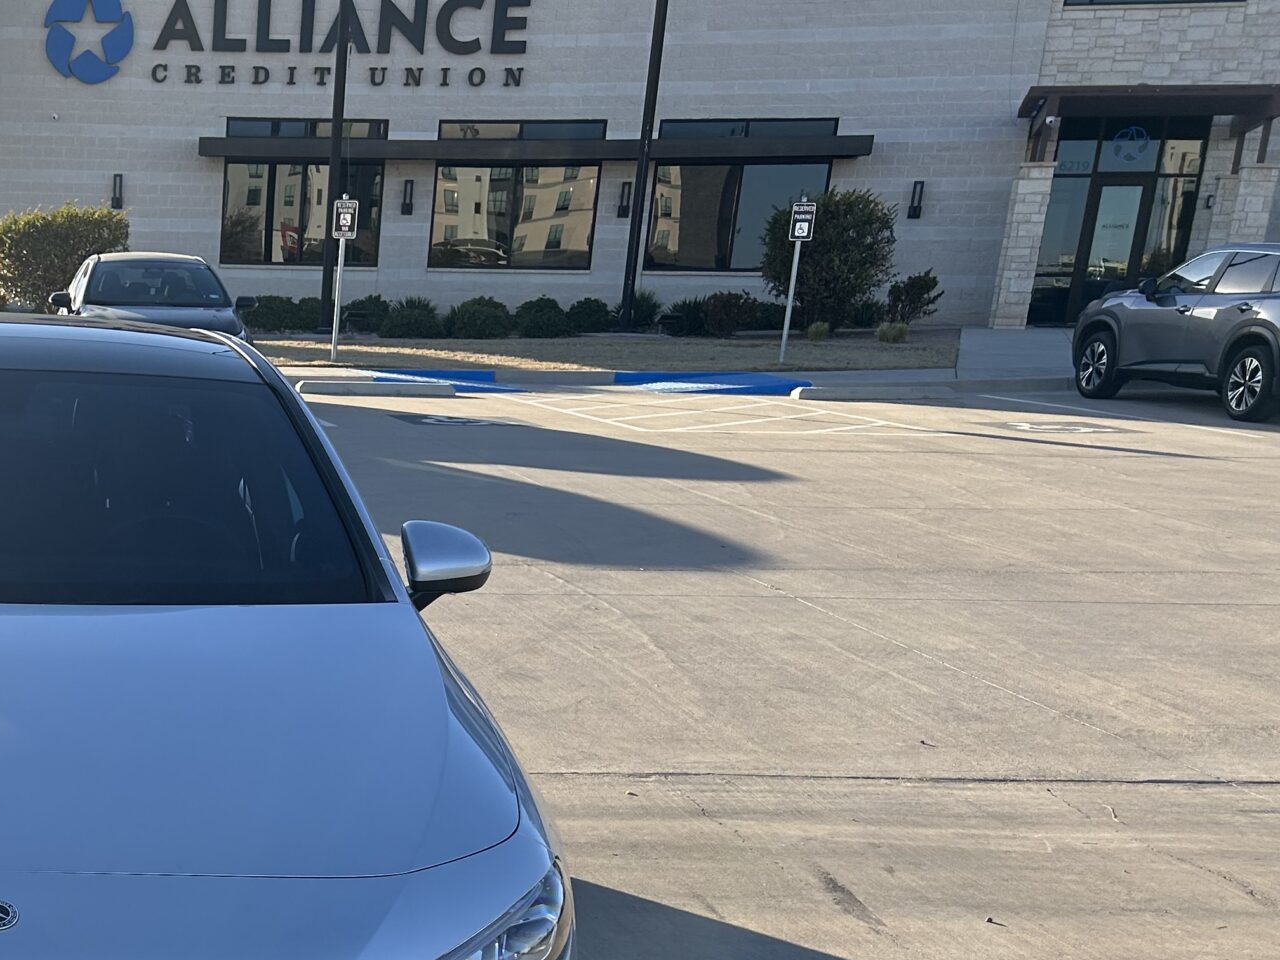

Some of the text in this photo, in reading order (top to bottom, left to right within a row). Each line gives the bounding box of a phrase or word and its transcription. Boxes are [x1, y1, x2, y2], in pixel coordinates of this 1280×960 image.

[152, 0, 531, 55] ALLIANCE
[151, 64, 524, 88] CREDIT UNION
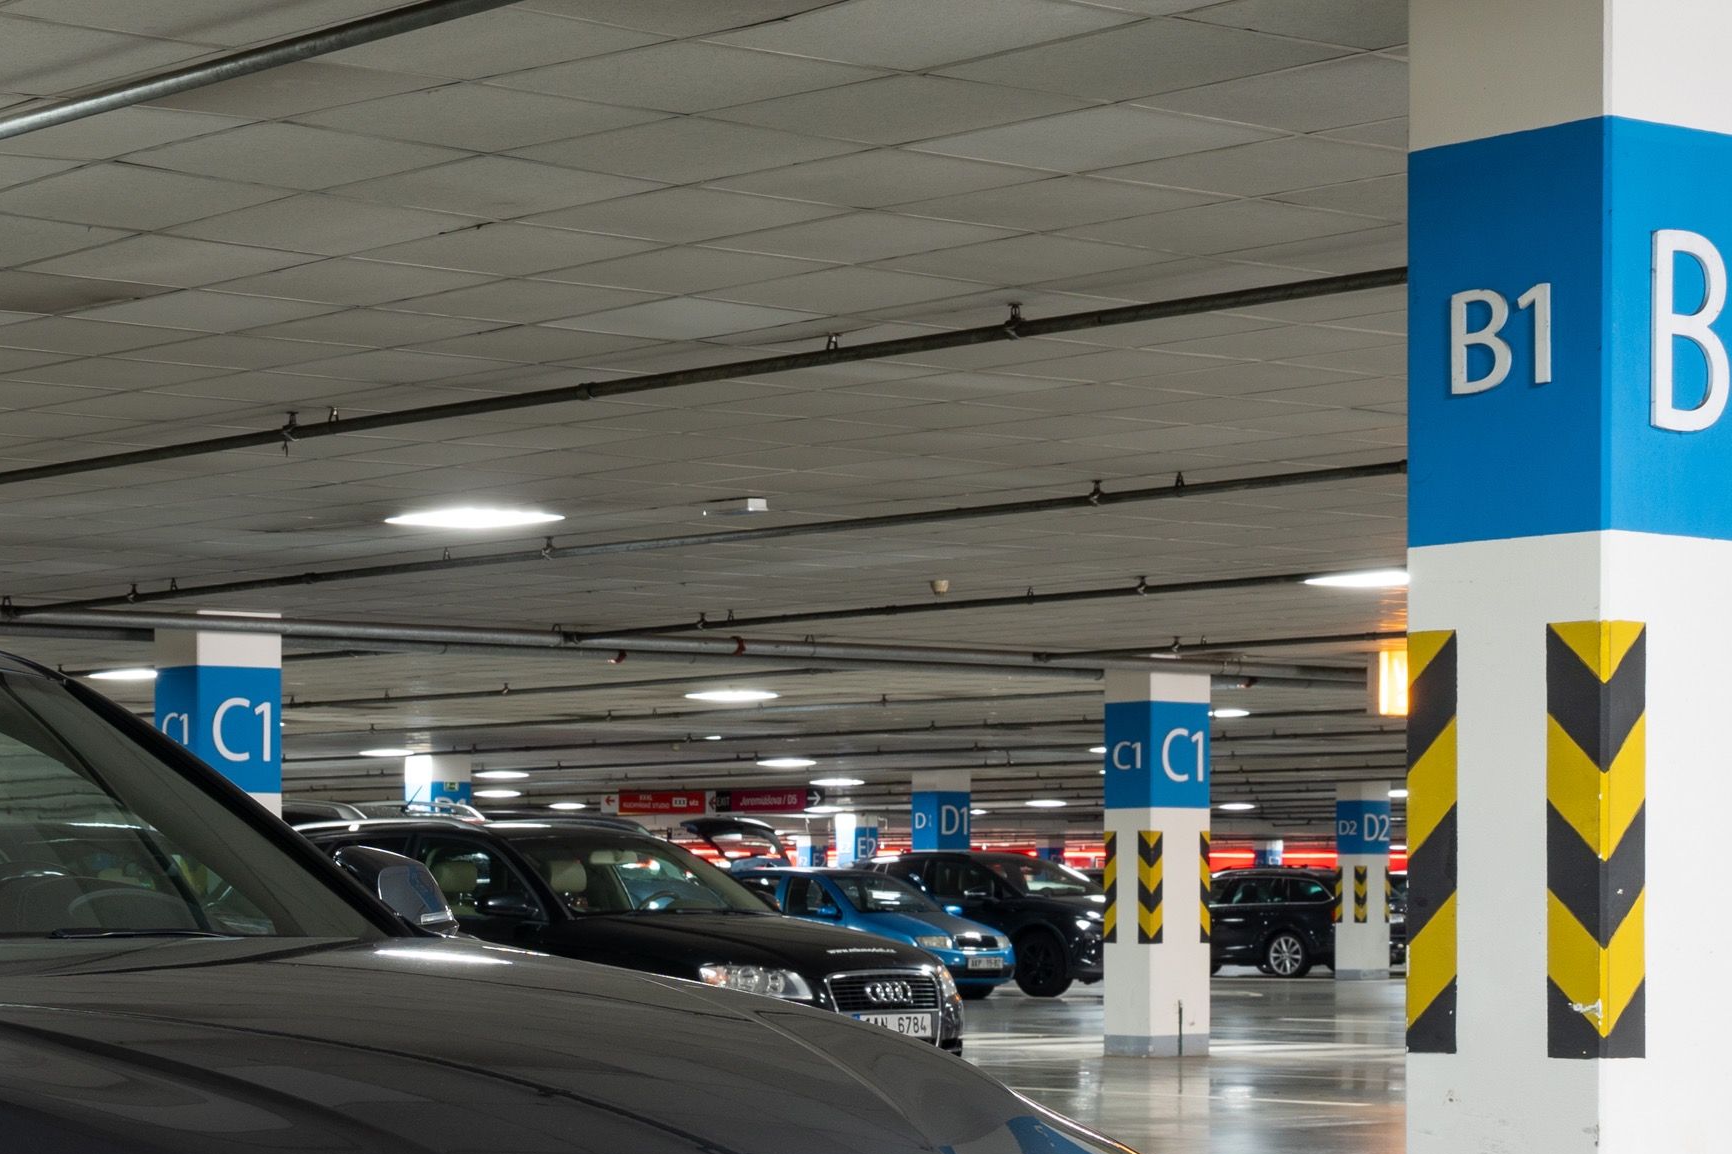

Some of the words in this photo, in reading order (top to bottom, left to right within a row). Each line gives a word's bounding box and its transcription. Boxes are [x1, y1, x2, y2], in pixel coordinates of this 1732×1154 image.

[1450, 282, 1552, 395] B1
[212, 697, 272, 762] C1
[1112, 741, 1142, 770] C1
[1161, 727, 1204, 783] C1
[941, 805, 969, 836] D1
[1338, 820, 1357, 836] D2
[1363, 813, 1390, 842] D2
[858, 837, 877, 858] E2
[898, 1015, 928, 1034] 6784
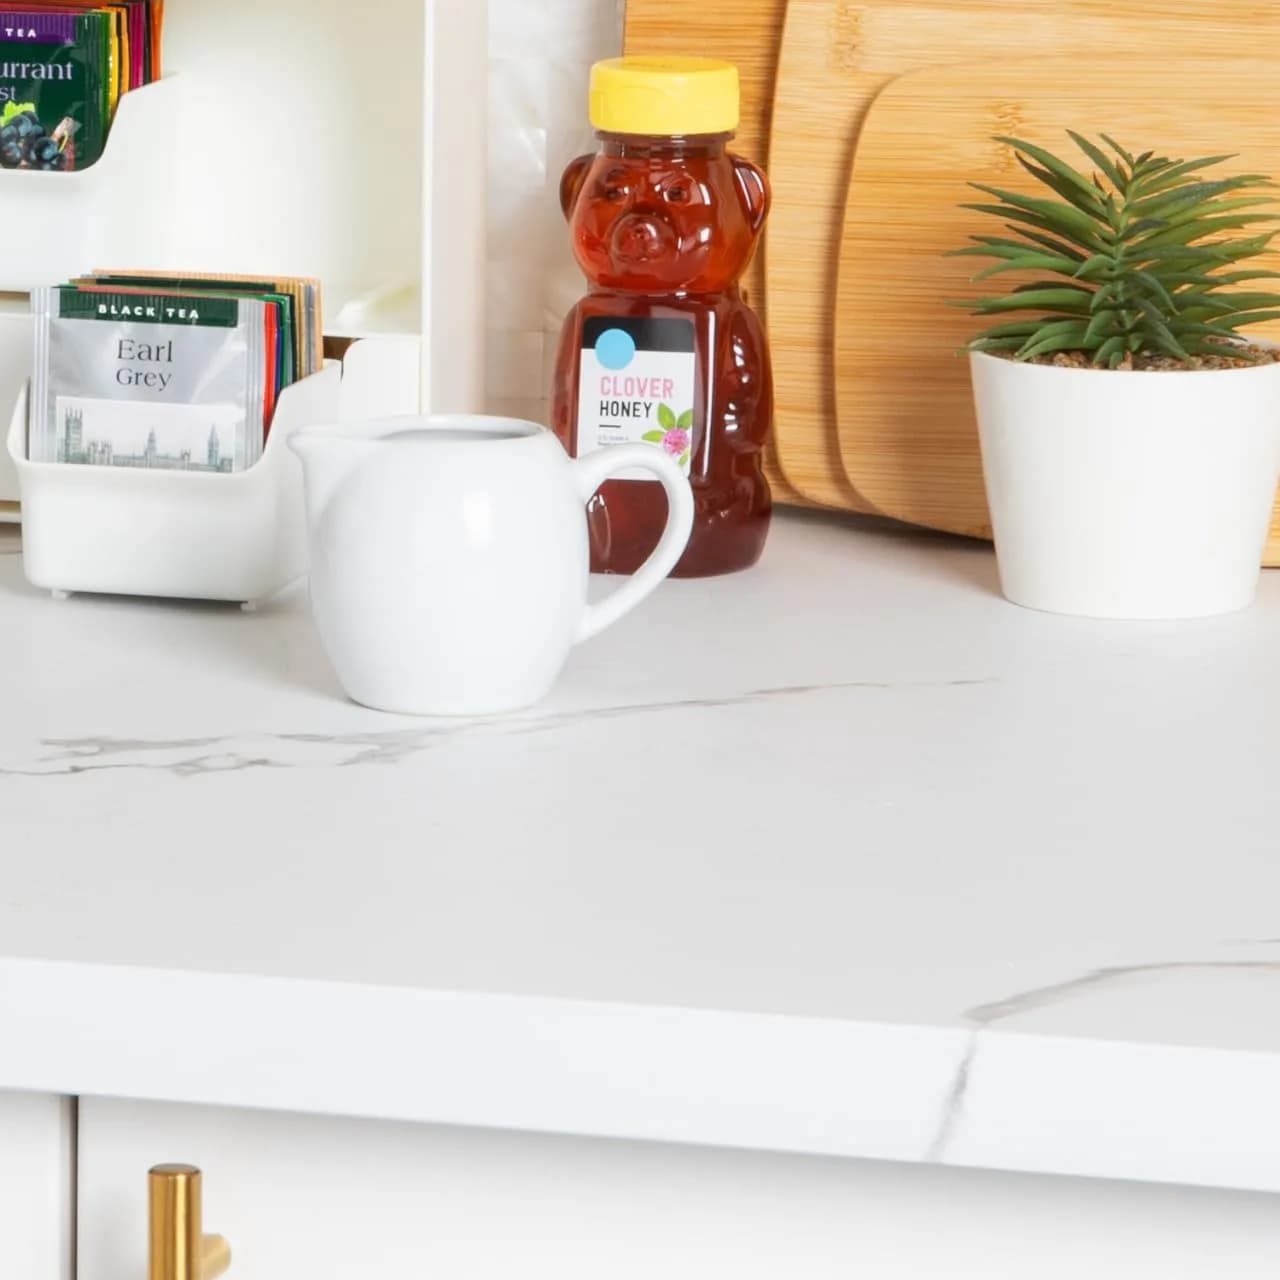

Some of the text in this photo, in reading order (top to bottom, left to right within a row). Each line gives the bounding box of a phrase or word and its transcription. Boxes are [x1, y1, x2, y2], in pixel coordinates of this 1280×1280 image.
****************
Without including any picture, retype the entries exactly.

Some of the text in this photo, in reading order (top to bottom, left to right within a row). Each line gives the bounding box of a phrase or word and its transcription. Boxes are [x1, y1, x2, y2], in pixel coordinates of this 1280×960 image.

[152, 0, 531, 55] ALLIANCE
[151, 64, 524, 88] CREDIT UNION

Some of the words in this photo, in reading order (top to bottom, left to right within a row). Each line gives a word's bounding box and its transcription. Boxes are [x1, y1, x2, y2], in pixel coordinates of this 1732×1154 image.

[1450, 282, 1552, 395] B1
[212, 697, 272, 762] C1
[1112, 741, 1142, 770] C1
[1161, 727, 1204, 783] C1
[941, 805, 969, 836] D1
[1338, 820, 1357, 836] D2
[1363, 813, 1390, 842] D2
[858, 837, 877, 858] E2
[898, 1015, 928, 1034] 6784

Some of the text in this photo, in reading order (top to bottom, left to right within a row). Each line gives the bounding box of a phrase or word and its transcription. Boxes are [x1, y1, x2, y2], in pixel coordinates of this 1280×1280 image.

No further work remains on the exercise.